Auf dem Areal entsteht ein visionäres Projekt. aus dem alternativen Umfeld. Die gemeinnützige Baugenossenschaft Wohnwerk realisiert dort zusammen mit der Stiftung Abendrot eine Siedlung der etwas anderen Art (zentralplus berichtete).

So könnte es dereinst aussehen in der Teiggi-Überbauung.
So könnte es dereinst aussehen in der Teiggi-Überbauung. (Bild: Visualisierung/zvg)

Die Genossenschaftssiedlung Wohnwerk Teiggi soll ein Ort werden für kreative Ideen, ungezwungenes gemeinschaftliches Miteinander, ökologisches, durchmischtes und zahlbares Wohnen.
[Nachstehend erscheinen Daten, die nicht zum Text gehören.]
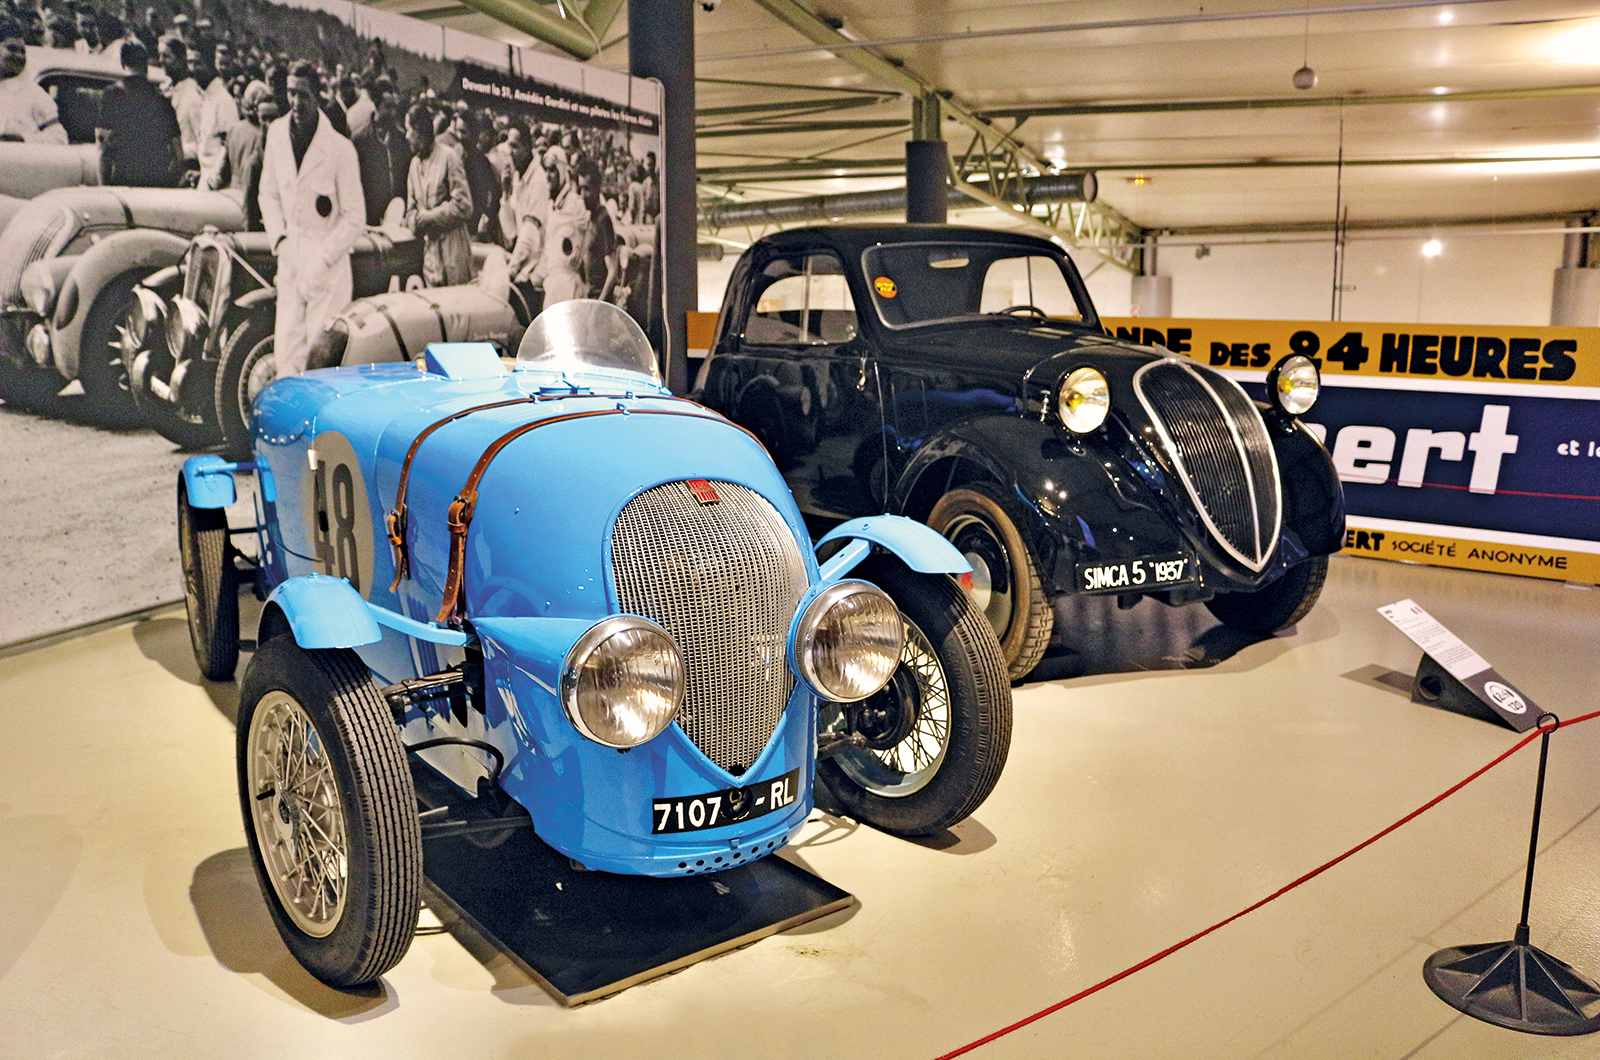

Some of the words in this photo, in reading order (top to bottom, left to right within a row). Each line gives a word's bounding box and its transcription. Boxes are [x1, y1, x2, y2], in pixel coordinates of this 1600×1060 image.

[462, 77, 491, 94] Devant
[1209, 341, 1271, 367] DES
[1289, 330, 1369, 371] 24
[1379, 333, 1578, 382] HEURES
[1304, 404, 1519, 495] ert
[1557, 439, 1580, 456] et
[1392, 540, 1457, 557] SOCIÉTÉ
[1468, 549, 1568, 570] ANONYME
[1084, 564, 1129, 590] SIMCA
[1132, 560, 1146, 584] 5
[653, 797, 722, 832] 7107
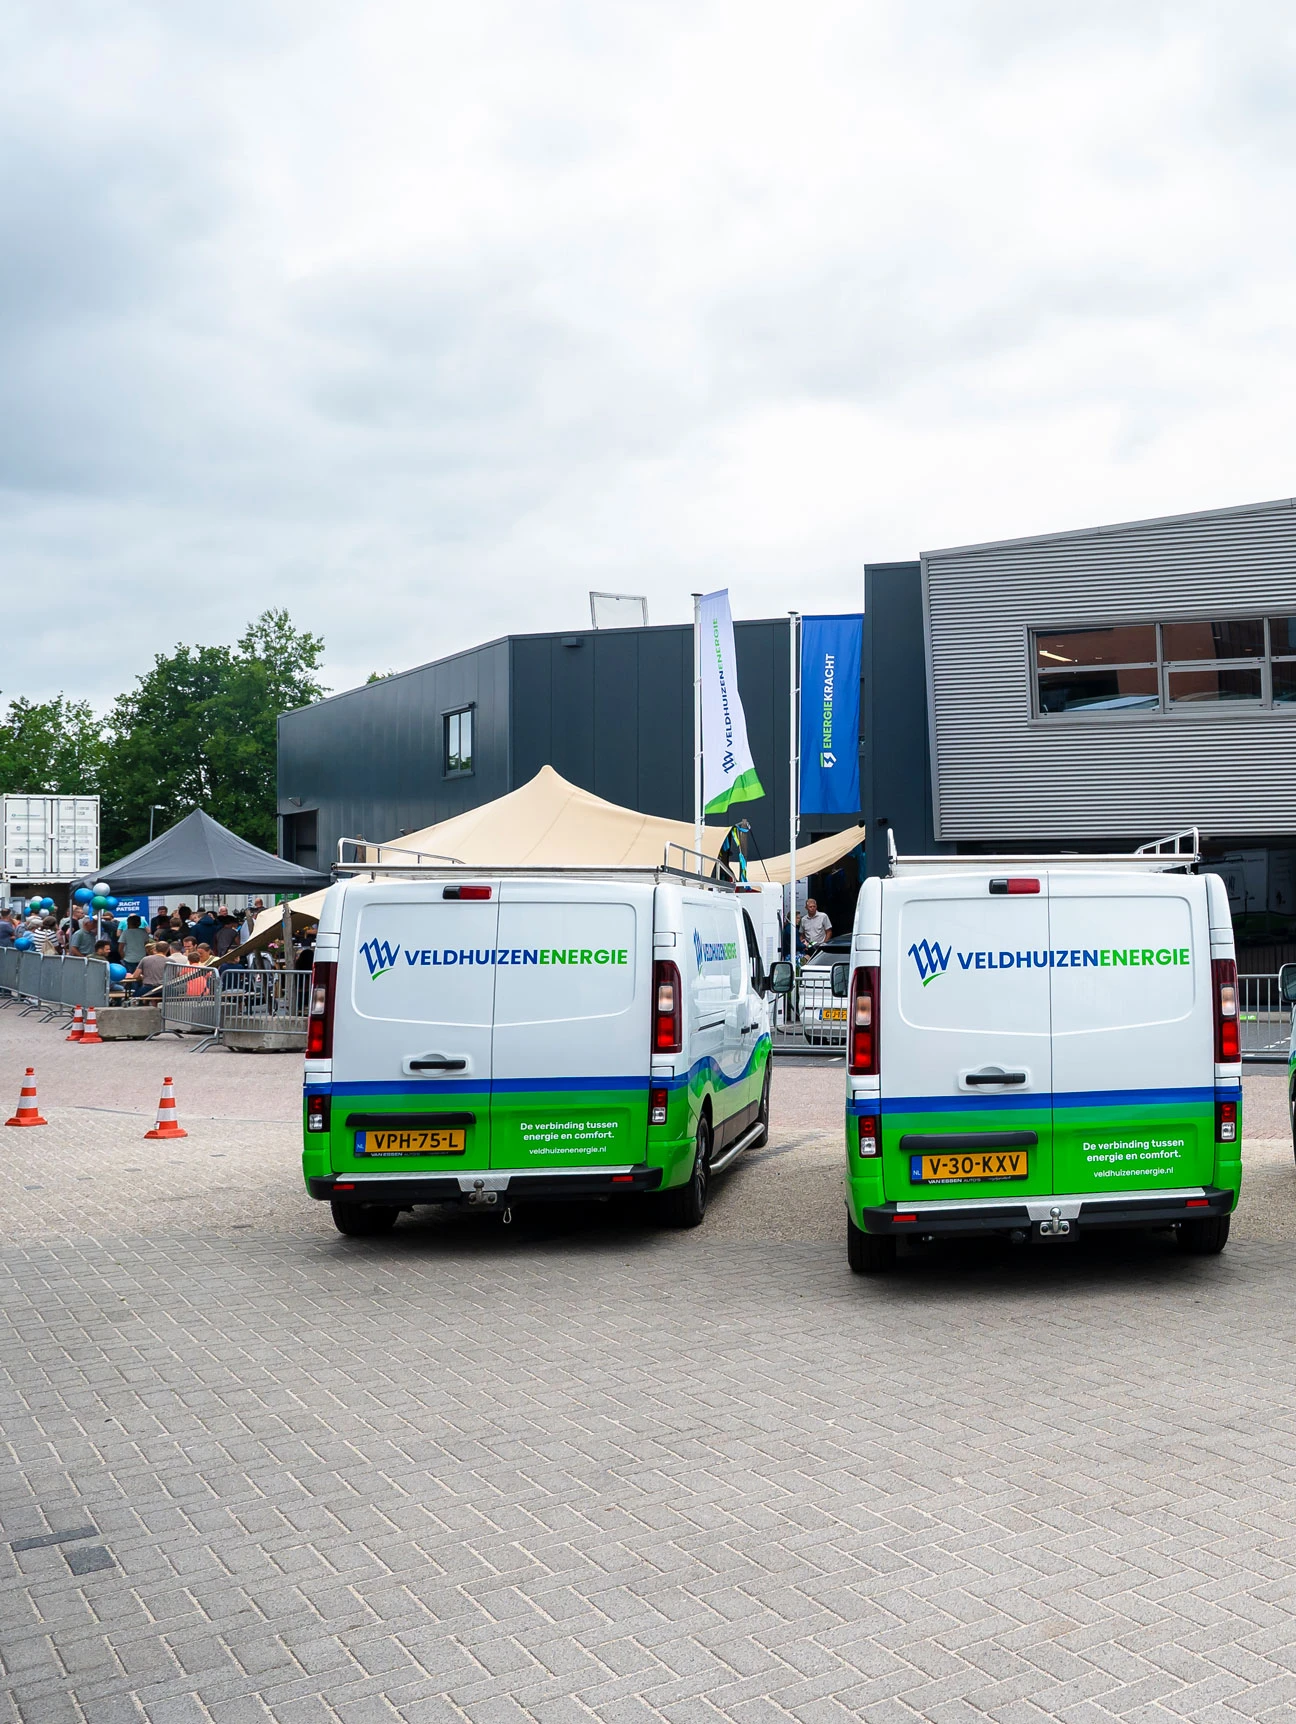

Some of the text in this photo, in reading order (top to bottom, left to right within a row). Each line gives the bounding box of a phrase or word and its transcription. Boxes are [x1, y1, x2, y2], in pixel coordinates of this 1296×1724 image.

[713, 618, 733, 747] VELDHUIZENENERGIE
[823, 653, 835, 749] ENERGIEKRACHT
[405, 949, 628, 966] VELDHUIZENENERGIE
[957, 948, 1190, 970] VELDHUIZENENERGIE
[520, 1121, 618, 1131] De verbinding tussen
[374, 1132, 458, 1149] VPH-75-L
[523, 1132, 559, 1141] energie
[574, 1131, 614, 1139] comfort.
[529, 1146, 607, 1154] veldhuizenenergie.nl
[1083, 1139, 1184, 1150] De verbinding tussen
[1087, 1152, 1123, 1163] energie
[1139, 1149, 1181, 1160] comfort.
[929, 1154, 1020, 1175] V-30-KXV
[1093, 1166, 1174, 1178] veldhuizenenergie.nl
Ein gemeinsamer Ort für Wohnen und Arbeiten. Auch Firmen sollen sich in der Siedlung niederlassen können.

Auch beim Innenausbau geht die Baugenossenschaft neue Wege: Der industrielle Charme der Siedlung bleibt erhalten. Decken und Wände werden aus rohem Sichtbeton sein und die Böden aus rohem Industrieparkett.